WHAT YOU WILL DO
Return each record unchanged and drop the images.

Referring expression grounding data
-- Opening Marker --

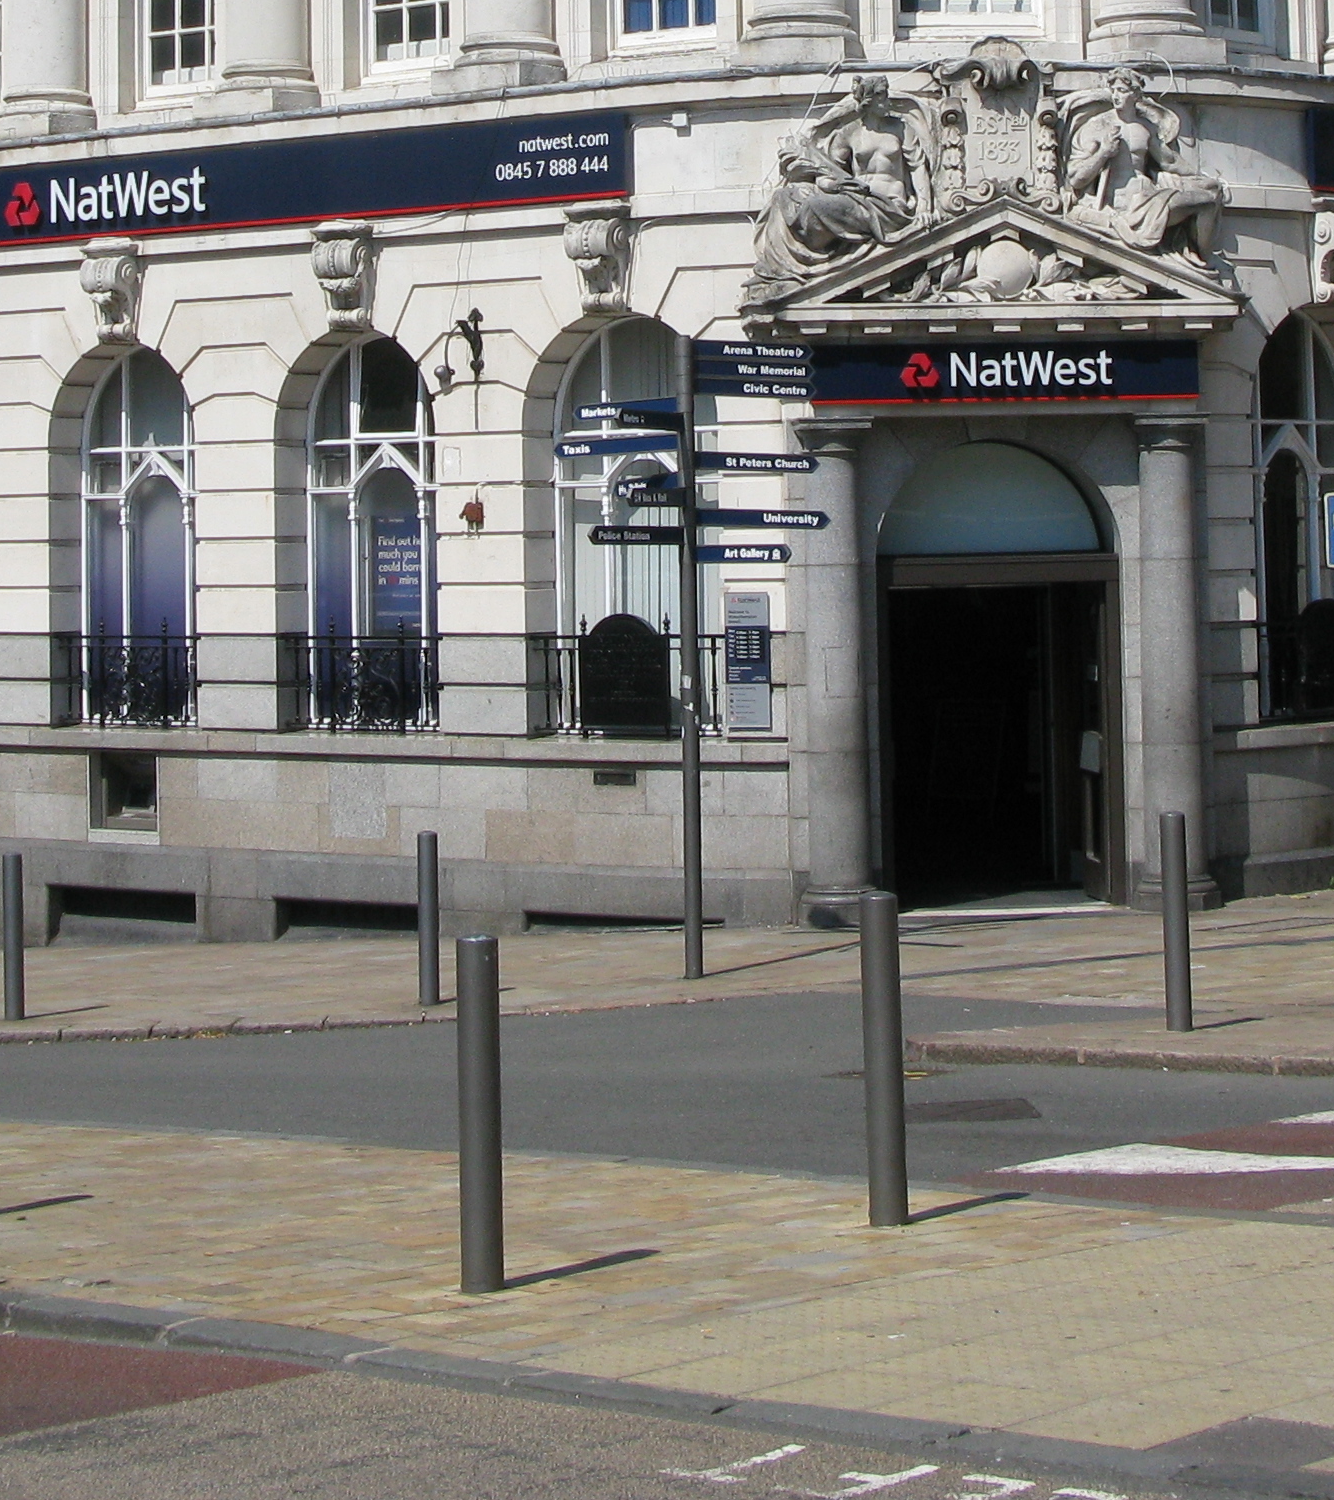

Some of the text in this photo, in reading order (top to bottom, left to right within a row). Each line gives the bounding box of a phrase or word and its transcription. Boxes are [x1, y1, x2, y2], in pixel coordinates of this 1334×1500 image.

[518, 131, 609, 153] natwest.com
[977, 140, 1022, 164] 1833
[495, 155, 609, 182] 0845 7 888 444
[49, 165, 207, 224] NatWest
[723, 345, 795, 357] Arena Theatre
[738, 365, 806, 377] War Memorial
[948, 349, 1113, 388] NatWest
[743, 384, 807, 396] Civic Centre
[581, 406, 616, 419] Markets
[562, 444, 591, 455] Taxis
[726, 457, 810, 470] St Peters Church
[763, 513, 819, 526] University
[378, 536, 395, 546] Find
[397, 537, 411, 546] out
[378, 549, 418, 563] much you
[724, 548, 770, 561] Art Gallery
[378, 562, 400, 572] could
[378, 575, 387, 585] in
[399, 576, 419, 585] mins
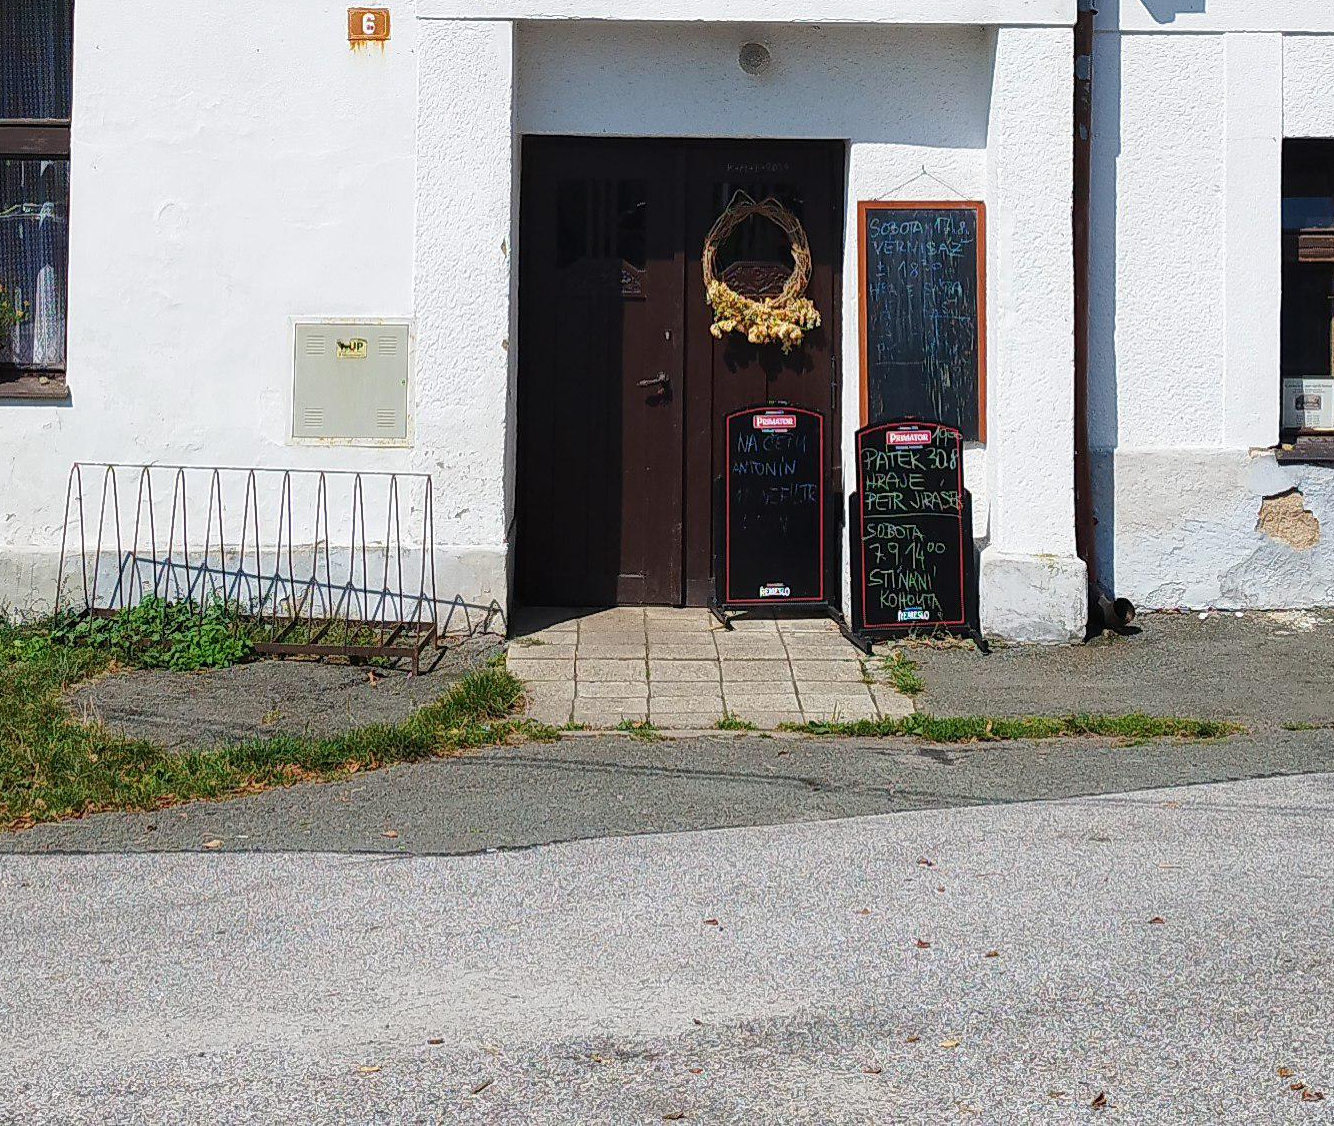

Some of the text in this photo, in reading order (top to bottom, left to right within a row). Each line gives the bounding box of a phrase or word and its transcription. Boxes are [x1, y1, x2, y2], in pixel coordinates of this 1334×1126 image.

[362, 12, 376, 35] 6
[869, 217, 924, 238] SOBOTA
[866, 472, 926, 491] HRAJE
[865, 491, 908, 511] PETR
[862, 522, 925, 542] SOBOTA
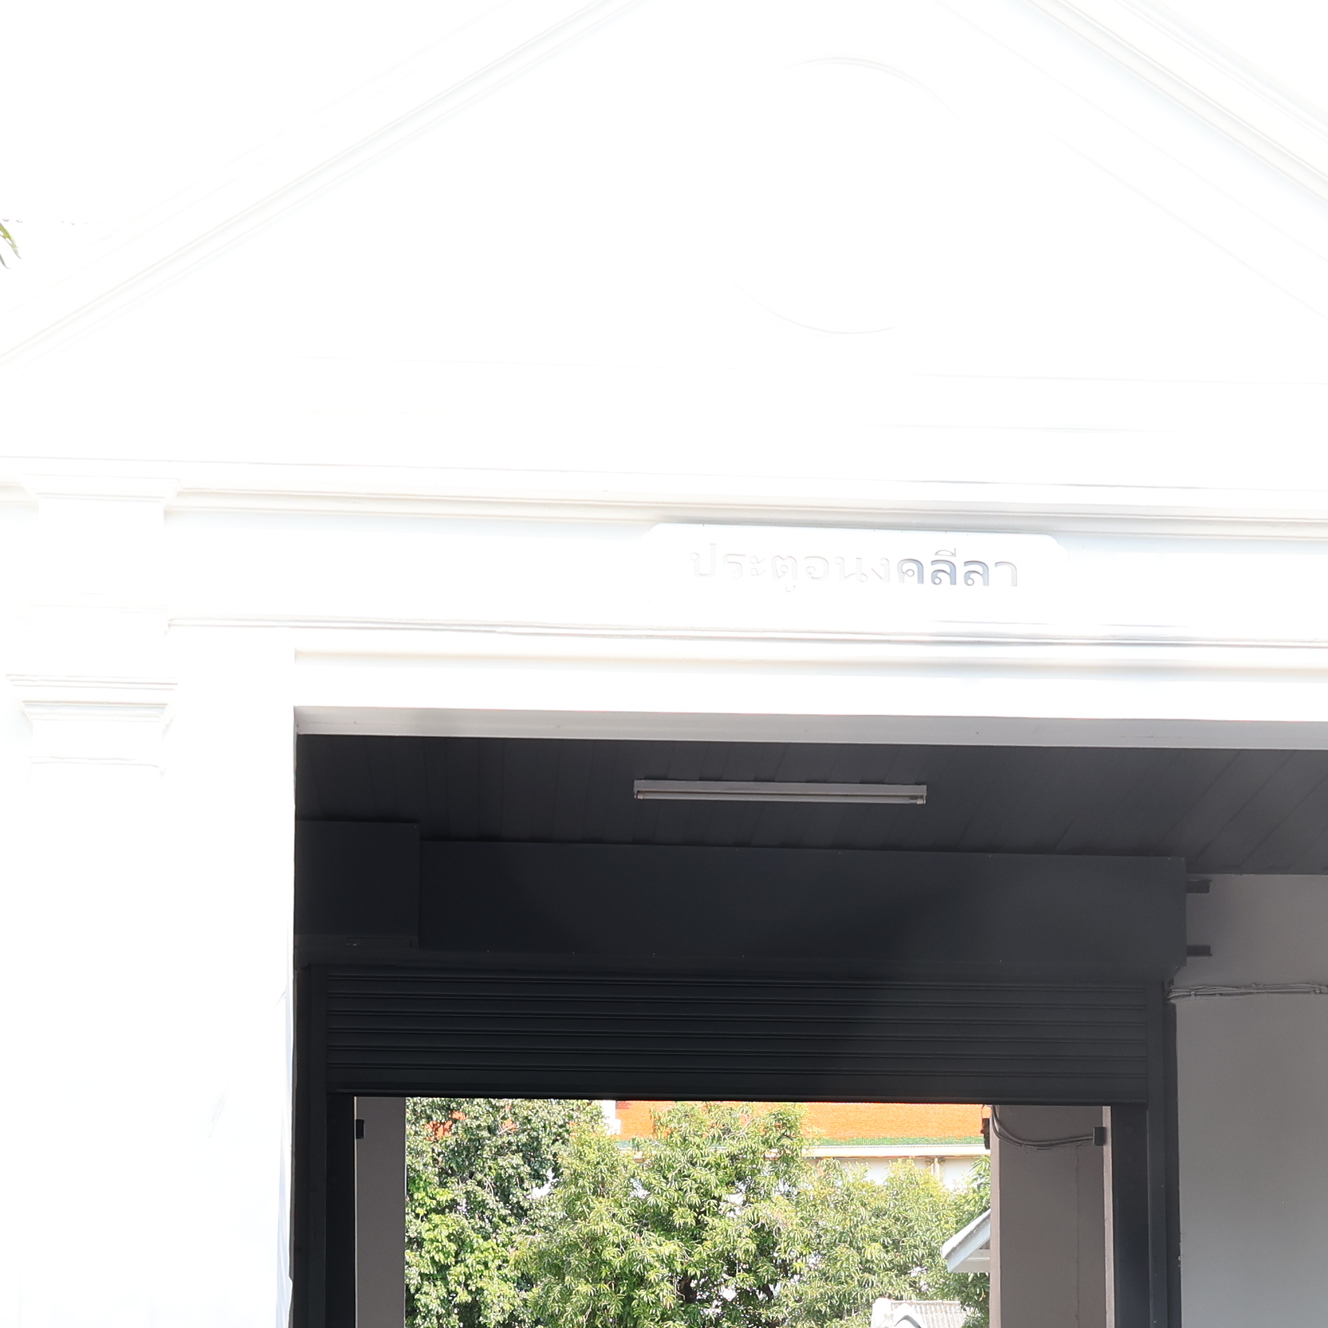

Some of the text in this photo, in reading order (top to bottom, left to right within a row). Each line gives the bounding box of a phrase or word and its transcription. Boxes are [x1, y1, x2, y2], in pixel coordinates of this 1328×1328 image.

[689, 542, 1019, 592] ประตูอนงคลีลา

-- Closing Marker --

OUTPUT FOR THIS EXERCISE
Some of the text in this photo, in reading order (top to bottom, left to right within a row). Each line gives the bounding box of a phrase or word and its transcription. Boxes are [x1, y1, x2, y2], in pixel coordinates of this 1334×1500 image.

[518, 131, 609, 153] natwest.com
[977, 140, 1022, 164] 1833
[495, 155, 609, 182] 0845 7 888 444
[49, 165, 207, 224] NatWest
[723, 345, 795, 357] Arena Theatre
[738, 365, 806, 377] War Memorial
[948, 349, 1113, 388] NatWest
[743, 384, 807, 396] Civic Centre
[581, 406, 616, 419] Markets
[562, 444, 591, 455] Taxis
[726, 457, 810, 470] St Peters Church
[763, 513, 819, 526] University
[378, 536, 395, 546] Find
[397, 537, 411, 546] out
[378, 549, 418, 563] much you
[724, 548, 770, 561] Art Gallery
[378, 562, 400, 572] could
[378, 575, 387, 585] in
[399, 576, 419, 585] mins

Some of the text in this photo, in reading order (top to bottom, left to right within a row). Each line gives the bounding box of a phrase or word and its transcription. Boxes are [x1, y1, x2, y2], in pixel coordinates of this 1334×1126 image.

[362, 12, 376, 35] 6
[869, 217, 924, 238] SOBOTA
[866, 472, 926, 491] HRAJE
[865, 491, 908, 511] PETR
[862, 522, 925, 542] SOBOTA

Some of the text in this photo, in reading order (top to bottom, left to right within a row). Each line gives the bounding box of a phrase or word and its transcription. Boxes are [x1, y1, x2, y2], in pixel coordinates of this 1328×1328 image.

[689, 542, 1019, 592] ประตูอนงคลีลา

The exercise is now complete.